(Material for this exercise Opens)

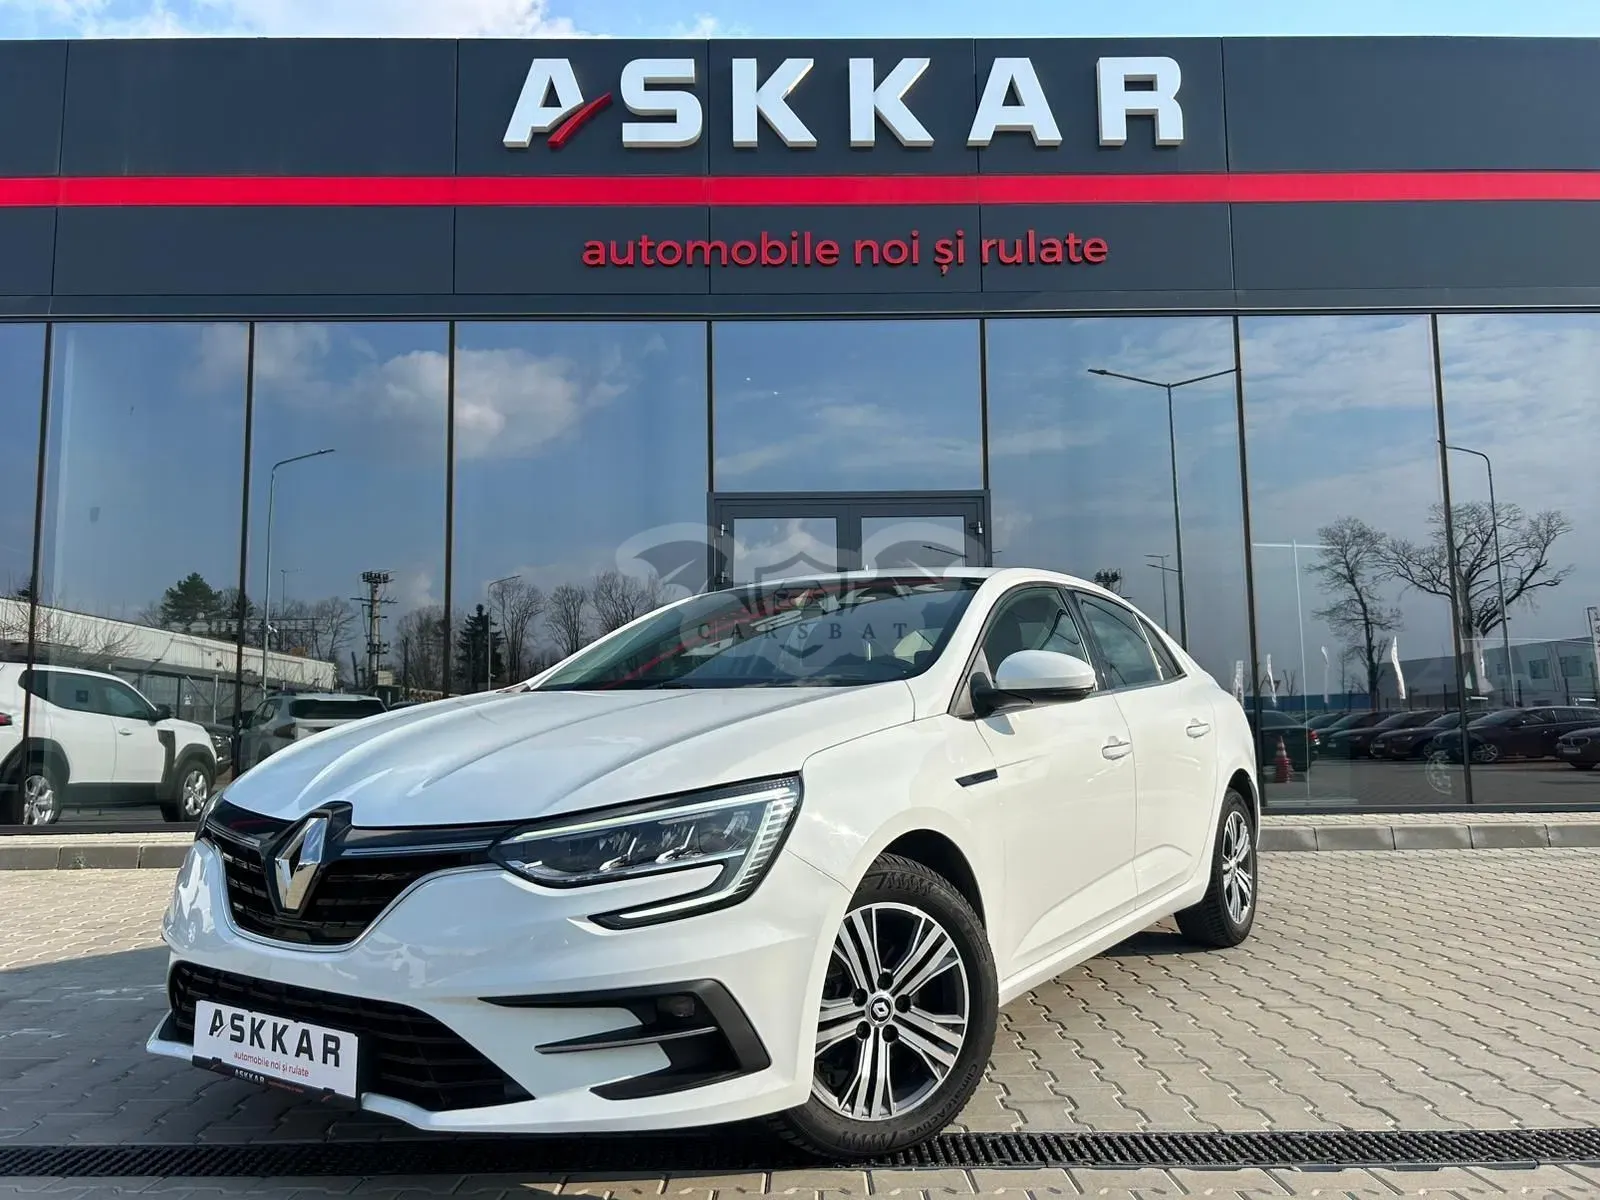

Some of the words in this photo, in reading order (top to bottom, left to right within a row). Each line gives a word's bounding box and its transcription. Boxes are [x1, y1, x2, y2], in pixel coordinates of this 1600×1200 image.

[502, 56, 1185, 149] ASKKAR
[582, 231, 840, 268] automobile
[853, 230, 919, 265] noi
[934, 230, 965, 276] și
[981, 229, 1109, 265] rulate
[209, 1008, 341, 1068] ASKKAR
[233, 1050, 269, 1067] automobile
[270, 1060, 281, 1071] noi
[288, 1064, 310, 1078] rulate
[234, 1068, 266, 1085] ASKKAR
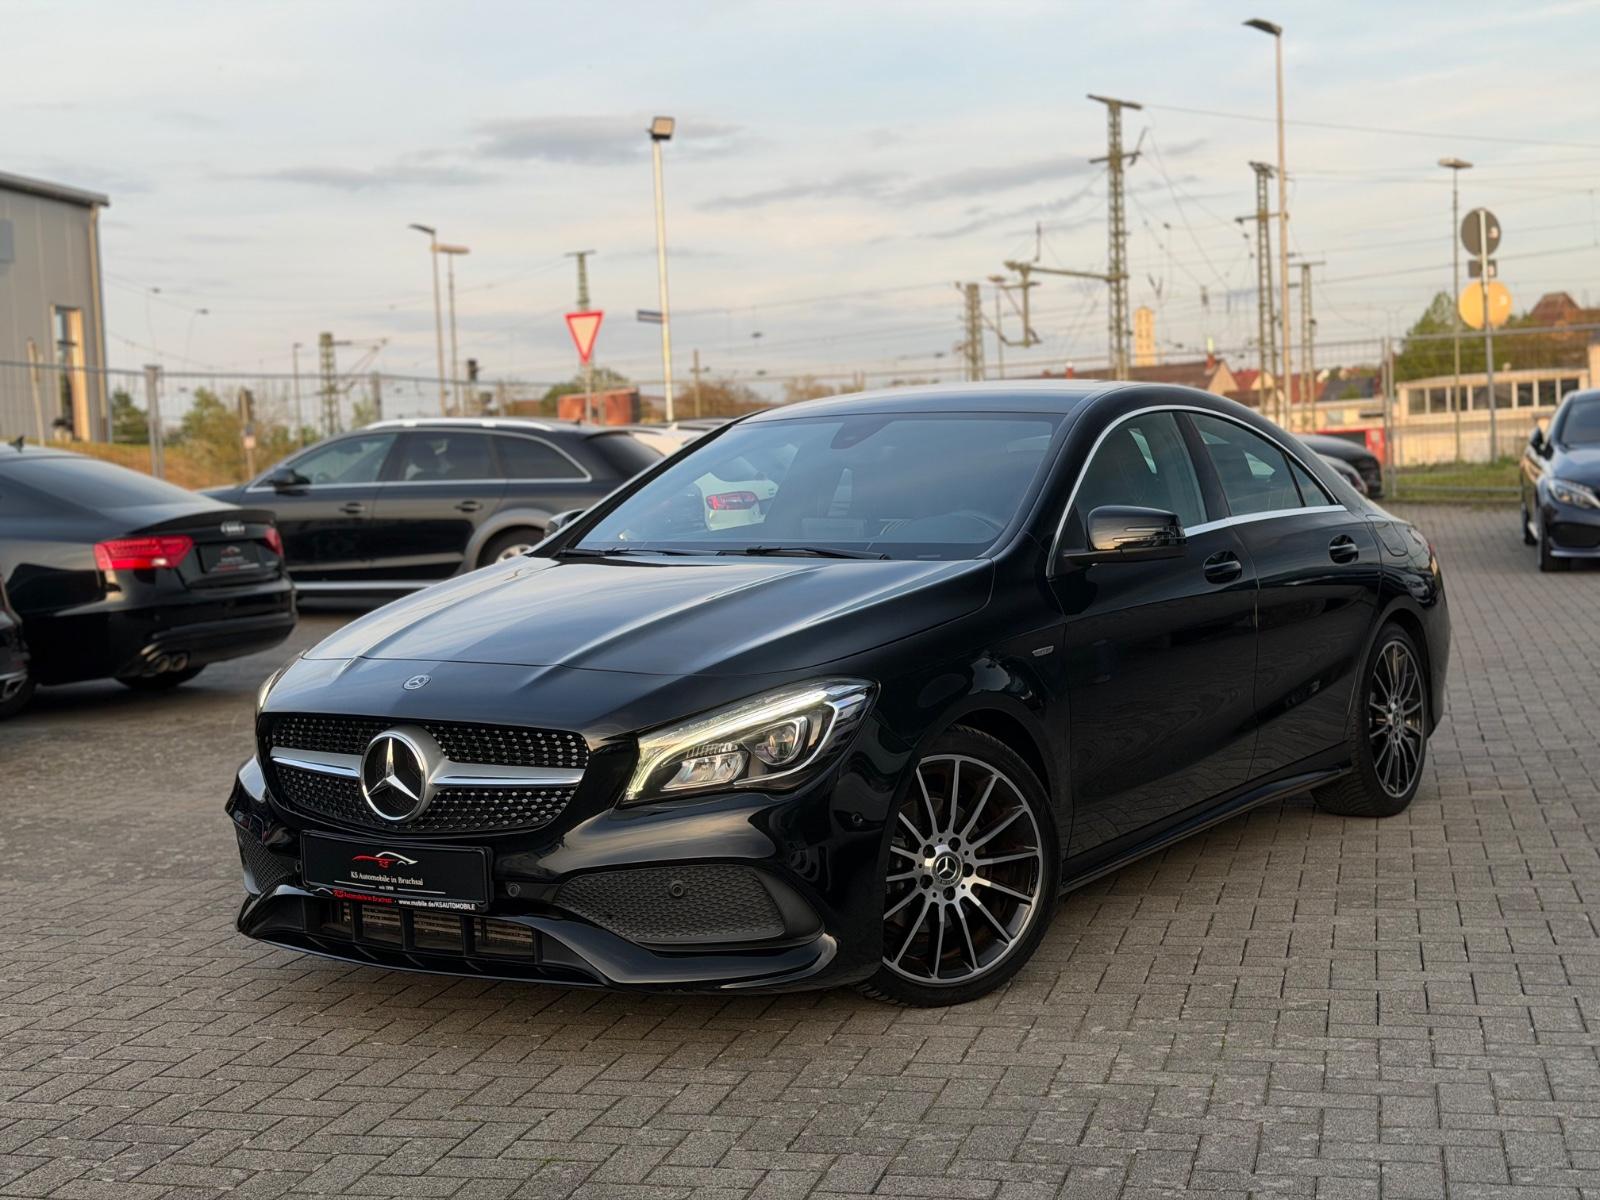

(Material for this exercise Closes)

● **What the task asks**
Would you set down every line of the data above exactly, skipping the pictures?

● **Response area**
Some of the words in this photo, in reading order (top to bottom, left to right within a row). Each line gives a word's bounding box and its transcription. Boxes are [x1, y1, x2, y2], in pixel coordinates of this 1600×1200 image.

[502, 56, 1185, 149] ASKKAR
[582, 231, 840, 268] automobile
[853, 230, 919, 265] noi
[934, 230, 965, 276] și
[981, 229, 1109, 265] rulate
[209, 1008, 341, 1068] ASKKAR
[233, 1050, 269, 1067] automobile
[270, 1060, 281, 1071] noi
[288, 1064, 310, 1078] rulate
[234, 1068, 266, 1085] ASKKAR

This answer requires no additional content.